For researchers in North America, there is a tendency to focus on Germans who settled in specific communities in most of the earliest states as well as the ones who gravitated towards the west, many making up some of the first residents in the most western territories and states. But Germans emigrated to other locations as well and your family research may need to include some of these places to find correlating lines, the location of departure for your North American German immigrants, or even living cousins who can provide needed family information. Unfortunately, passenger departure lists have not survived as well as the lists of arriving passengers in the port of disembarkation. Hamburg has the most complete departure lists, but, many found less strict port departures, such as LeHavre, to be preferable when leaving German communities. Many traveled a great distance to avoid the “red tape” involved in emigration, leaving from locations as far away as the Netherlands (Rotterdam) and Denmark (Copenhagen).[4] If you are fortunate enough to have found your ancestor on a passenger list as an immigrant, that document should identify the port from which the ship sailed, giving you a possibility of finding your ancestor listed on a departure list, if it survived. Keep in mind that as more people departed their home country, the information on the lists, as well as the requirements for emigration, became more detailed and strict.[5]

So when did the emigrants leave? Certain events caused the exodus to occur more heavily in some time periods than in others. To understand the timeline, it helps to understand those events:

  • From 1683 to 1820: destinations were North America, England, Scotland, Ireland, Southeastern Europe, and Russia. Following the Thirty Years’ War, Germans were affected by both religious persecution and economic stress making departure look like a better alternative.[6]
  • From 1820 to 1871: destinations varied and were caused by the continued economic issues as well as agricultural and occupational hardships. The government supported the exodus, especially by the poorer class, even though many left to evade military conscription.[7]
  • From 1871 to 1914: destinations varied. The German Empire had been formed and even more of the population evacuated, especially since the process of traveling to other countries had become less costly, even though the requirements to get permission to leave were more stringent (specifically in Hamburg).[8] Likely, communication from family and friends who had already made the journey enticed those who were feeling the financial stress “at home.”
  • From 1914 to 1945: in North America because of the passage of the Immigration Act of 1924 (limiting the influx of immigrants, including Europeans) into America, numbers were reduced.[9] While this did not have an immediate effect on immigration in other countries, it did change the destinations of many Germans. The desire was to escape the political situation and for those concerned about World War I many sought asylum in neutral or more politically favorable countries.[10]

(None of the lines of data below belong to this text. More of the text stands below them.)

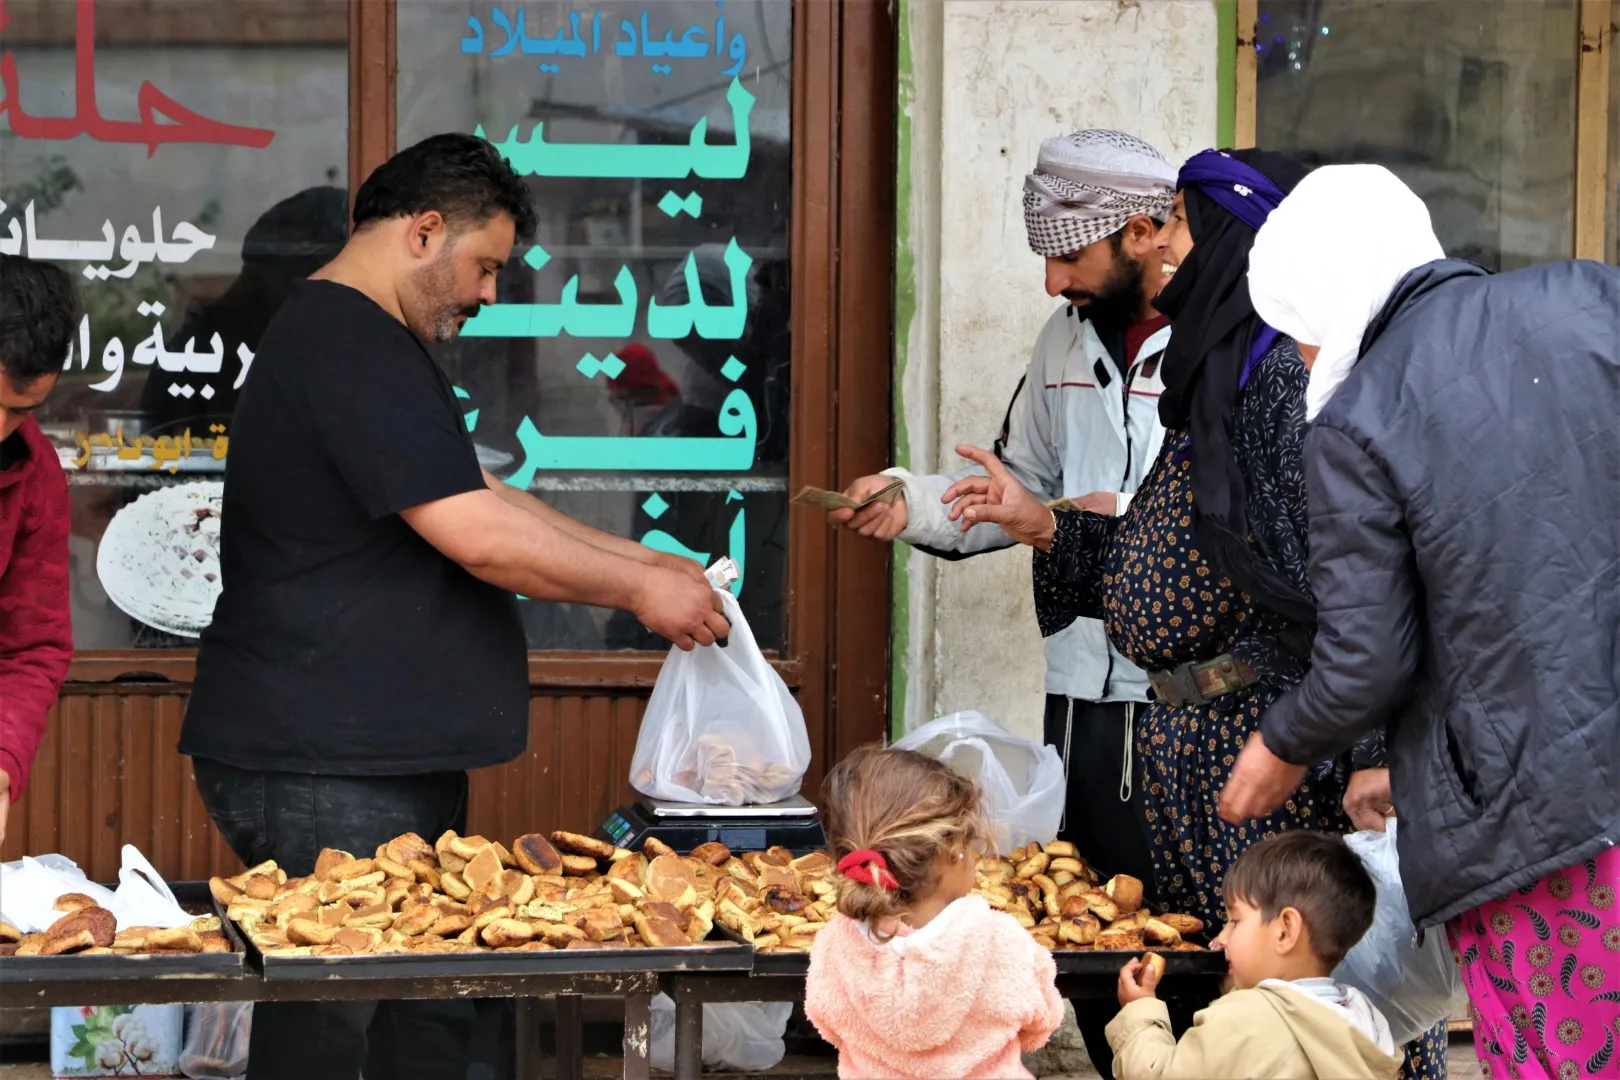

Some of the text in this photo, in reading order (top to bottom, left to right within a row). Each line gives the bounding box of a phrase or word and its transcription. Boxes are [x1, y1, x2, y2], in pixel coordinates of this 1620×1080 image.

[461, 0, 747, 76] وأعياد الميلاد
[132, 300, 255, 400] ربية
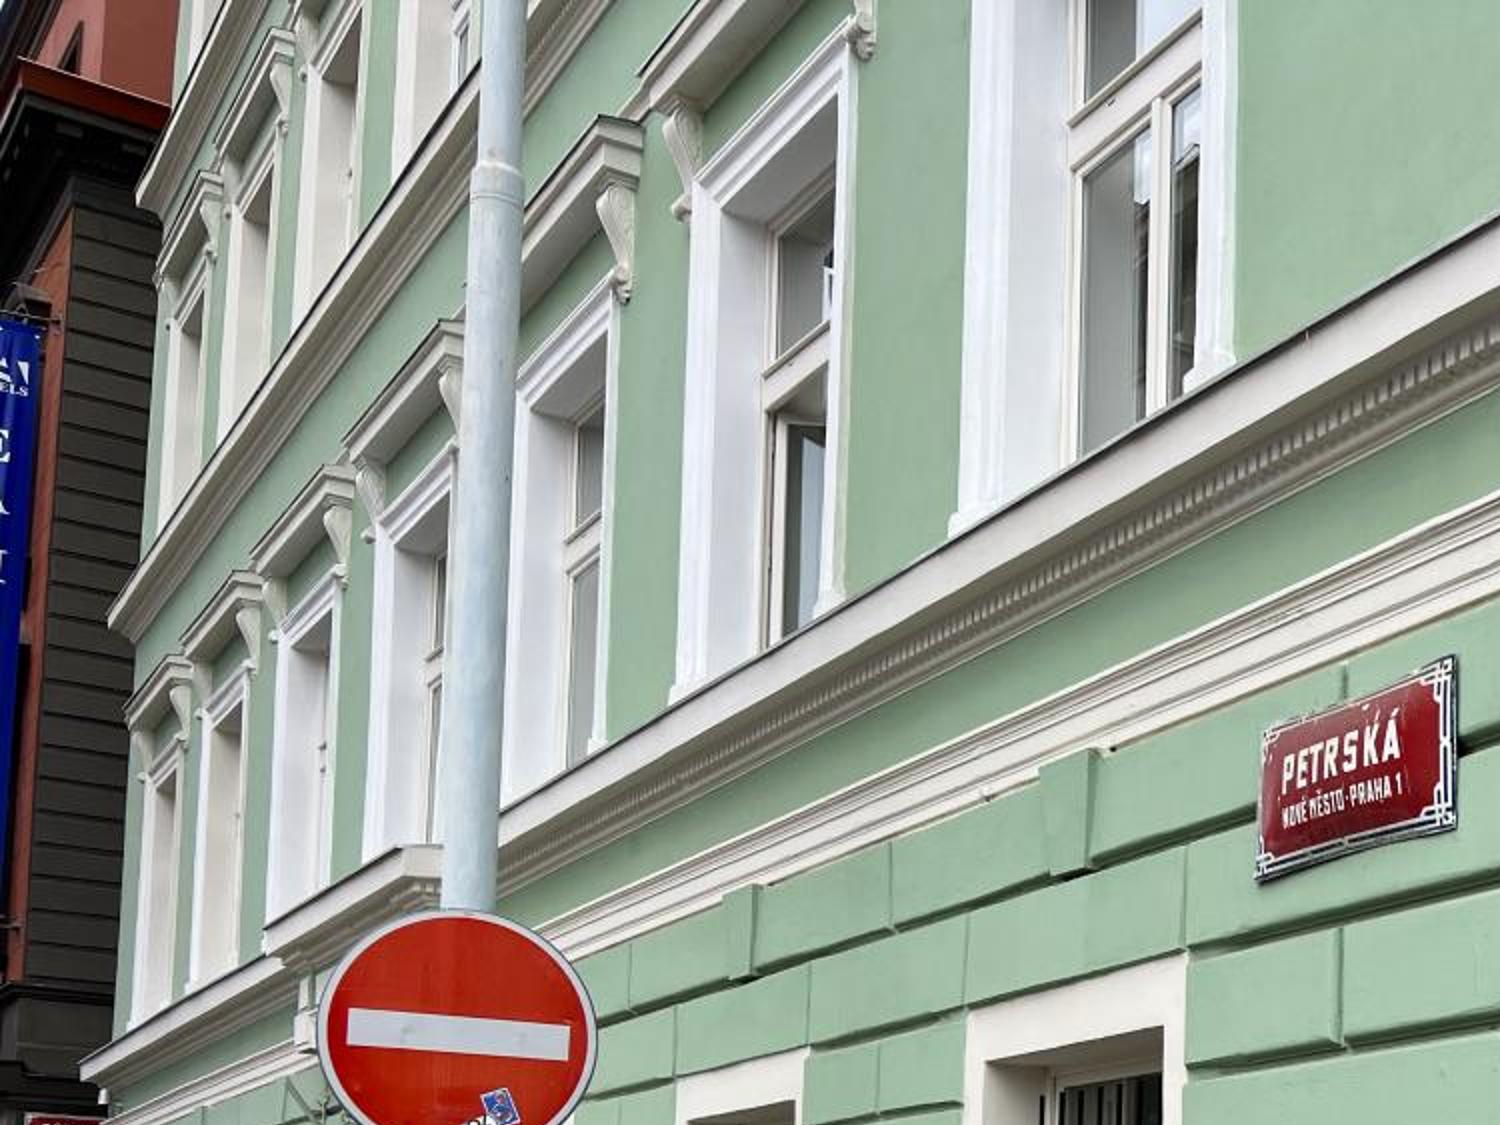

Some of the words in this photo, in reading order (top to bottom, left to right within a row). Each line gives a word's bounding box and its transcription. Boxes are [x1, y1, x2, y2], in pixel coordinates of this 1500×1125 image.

[1281, 707, 1401, 796] PETRSKÁ
[1281, 796, 1309, 830] NOVÉ
[1349, 775, 1392, 808] PRAHA
[1395, 771, 1403, 796] 1
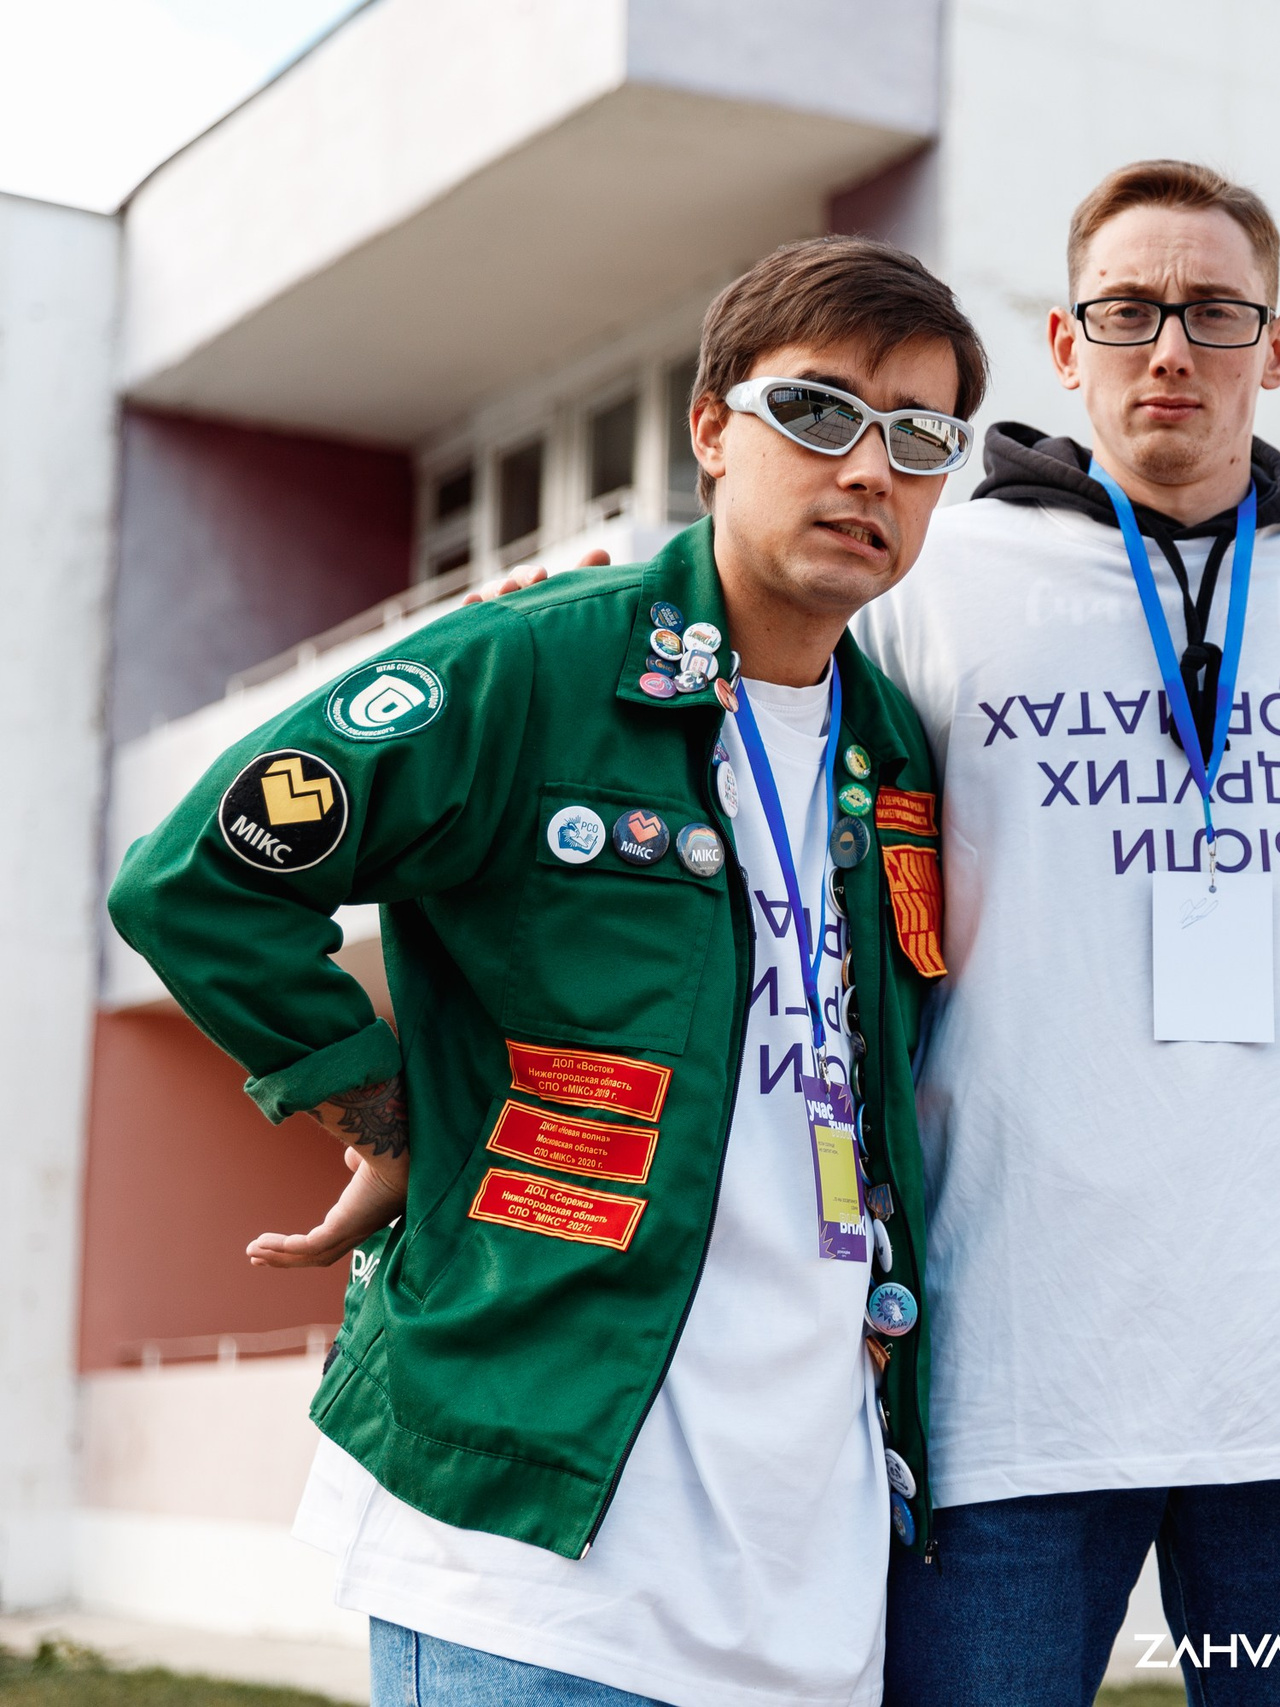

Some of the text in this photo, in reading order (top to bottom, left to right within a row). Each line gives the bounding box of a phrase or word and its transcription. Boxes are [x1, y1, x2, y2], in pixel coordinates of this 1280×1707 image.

[581, 821, 599, 834] РСО
[552, 1058, 615, 1074] ДОЛ «Восток»
[528, 1067, 633, 1091] Нижегородская область
[538, 1081, 560, 1092] СПО
[806, 1099, 835, 1122] учас
[536, 1133, 608, 1156] Московская область
[581, 1130, 611, 1142] волна»
[533, 1146, 549, 1158] СПО
[578, 1157, 596, 1168] 2020
[501, 1191, 608, 1224] Нижегородская область
[524, 1183, 594, 1210] ДОЦ «Сережа»
[508, 1204, 529, 1218] СПО

**Excerpted from the course Germans Outside of Germany by Jean Wilcox Hibben, PhD.

[1] Marianne S. Wokeck, Trade in Strangers: The Beginnings of Mass Migration to North America, University Park, PA: The Pennsylvania State Univ. Press, 1999, pp. 221-230.

[2] Allgemeinen Deutschen Real-Encyclopädie, as quoted in Sigrid Kiedel, Bremerhaven: Die Stadt am Meer, Edition Temmen, 1999 and reprinted in “Mischmasch,” Der Blumenbaum 20:4, April-May-June, 2003, p. 186.

[3] Richard L. Hooverson, “Musings and Gleanings,” Heritage Quest, May/June 2001, quoted in “America’s Melting Pot,” Der Blumenbaum, 20:4, April-May-June, 2003, p. 158

[4] Ibid.

[5] Ibid.

[6] Ibid.

[7] Ibid.

[8] Ibid.

[9] “Immigration Act of 1924,” Wikipedia ( accessed 6 June 2017).

[10] “Germany Emigration and Immigration,” FamilySearch Family History Research Wiki ( accessed 6 June 2017).